You asked an important question about whether we should focus our energy on the system of apartheid or deal with its toxic by-products too. I think the two are deeply linked. From my experience in Iran, I saw firsthand what happens when we think the “enemy of my enemy could be our friend.” We threw our lot in with religious fundamentalists just because they opposed the Shah. That miscalculation cost us deeply. We didn’t realise that by fighting one form of oppression, we were handing power to something even more repressive. That enemy of our enemy quickly became our jailer.
In Persian we say: “از چاله به چاه افتادن” — “to fall from a pothole into a well.” And another saying: “اول چاه را بکن بعد مناره را بدزد” — “Dig the well before you steal the minaret.”
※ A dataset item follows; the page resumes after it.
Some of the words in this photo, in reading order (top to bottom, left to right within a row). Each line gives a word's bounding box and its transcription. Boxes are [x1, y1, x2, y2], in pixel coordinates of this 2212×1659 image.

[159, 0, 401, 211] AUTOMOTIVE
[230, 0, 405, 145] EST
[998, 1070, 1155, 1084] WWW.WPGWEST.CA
They’re old phrases, but they feel painfully relevant now.
I worry deeply that the incredible sacrifice and resistance of the Palestinian people might one day be co-opted or hijacked by forces that do not represent their dreams for freedom and dignity. I say this not from afar, but from the lessons carved into the Iranian soul over the last 45 years. I look at what Hamas has become, and who benefits from its existence, and I sincerely hope that the secular and nationalist movements can once again take the reins and chart a course for true liberation, free of both occupation and authoritarianism.
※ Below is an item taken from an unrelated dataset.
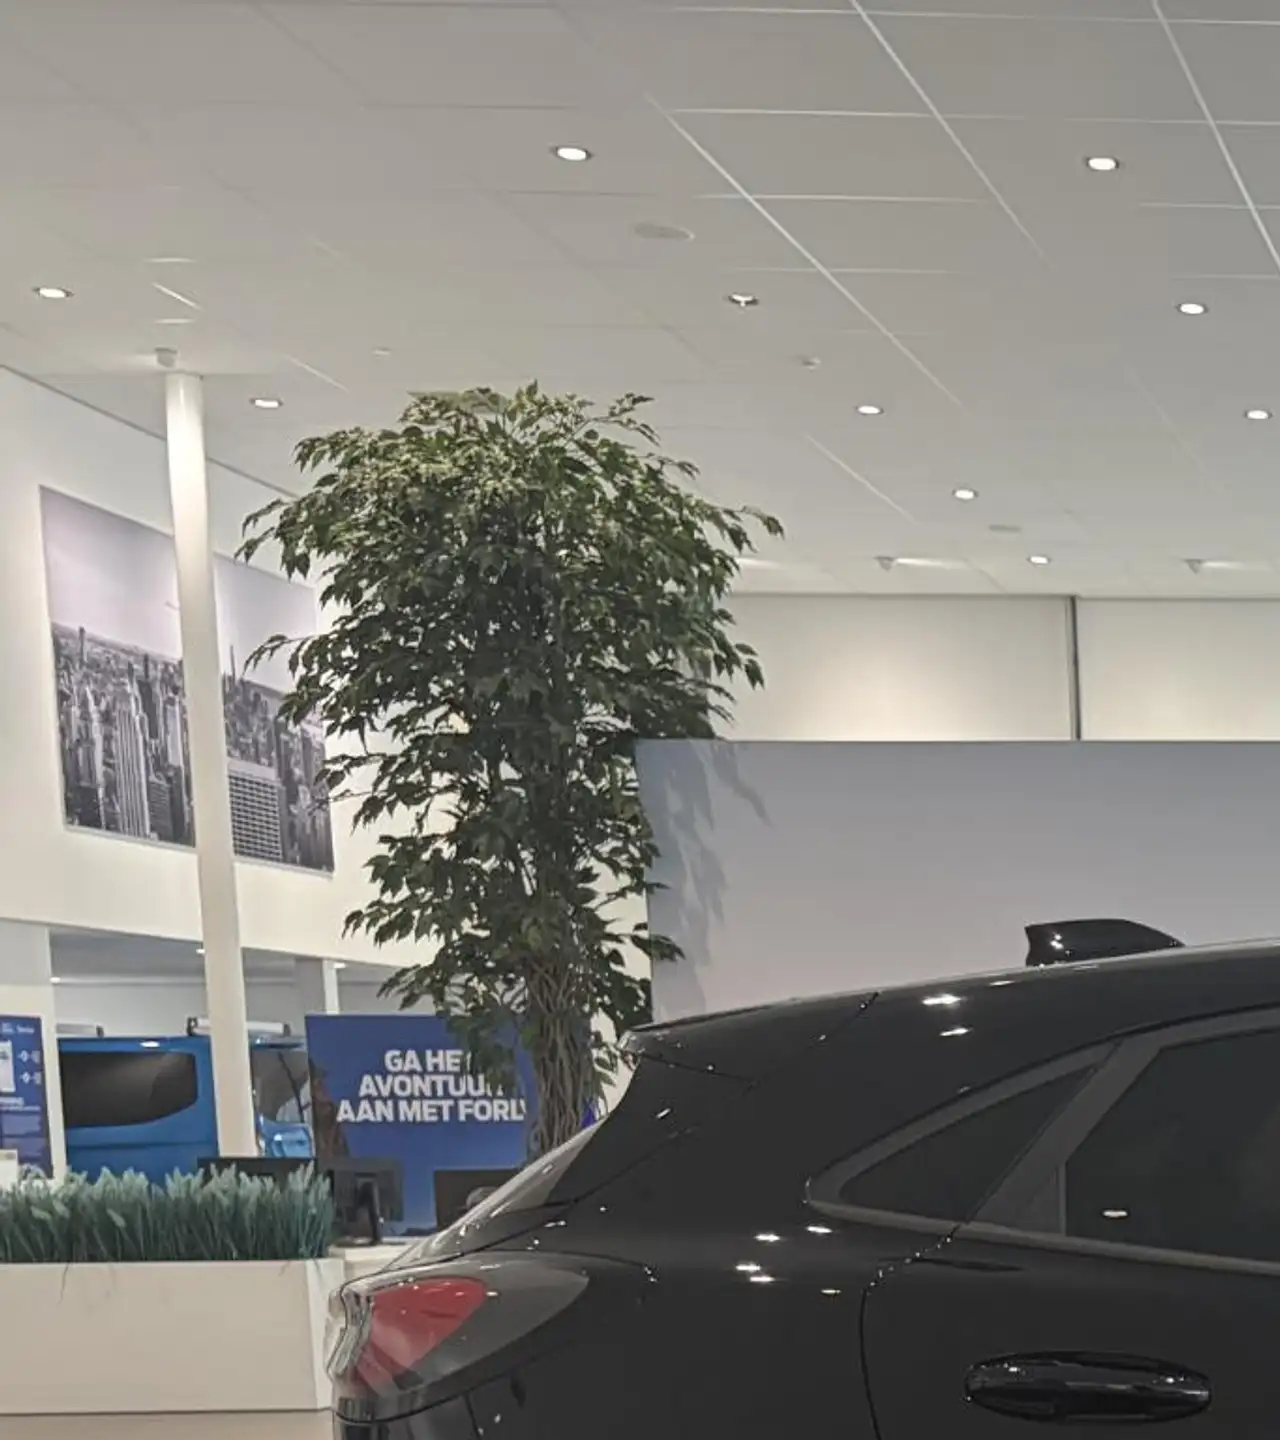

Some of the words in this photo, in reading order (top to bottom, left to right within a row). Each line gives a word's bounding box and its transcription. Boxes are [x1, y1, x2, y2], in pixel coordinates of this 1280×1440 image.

[384, 1049, 423, 1072] GA
[336, 1099, 394, 1122] AAN
[399, 1099, 454, 1122] MET
Your personal story touches me. Losing land, family, and a sense of home is a grief I cannot claim to fully understand, but I see its depth and weight in your words. Your clarity and refusal to let that grief turn into hate or tunnel vision is powerful. That’s the kind of strength that builds bridges, not just in politics, but between hearts.
I truly hope that in our lifetimes, we’ll sit together in a café in a free Gaza, maybe even during a Waziz reunion concert, and look back on these conversations with gratitude, for having spoken honestly, and for having listened with open hearts.
Much love and respect
And Rasheed closes the conversation:
Thank you Siyavash for your kind and sweet response. I must say your writing style beyond being objective is charming and engaging. How did you do that?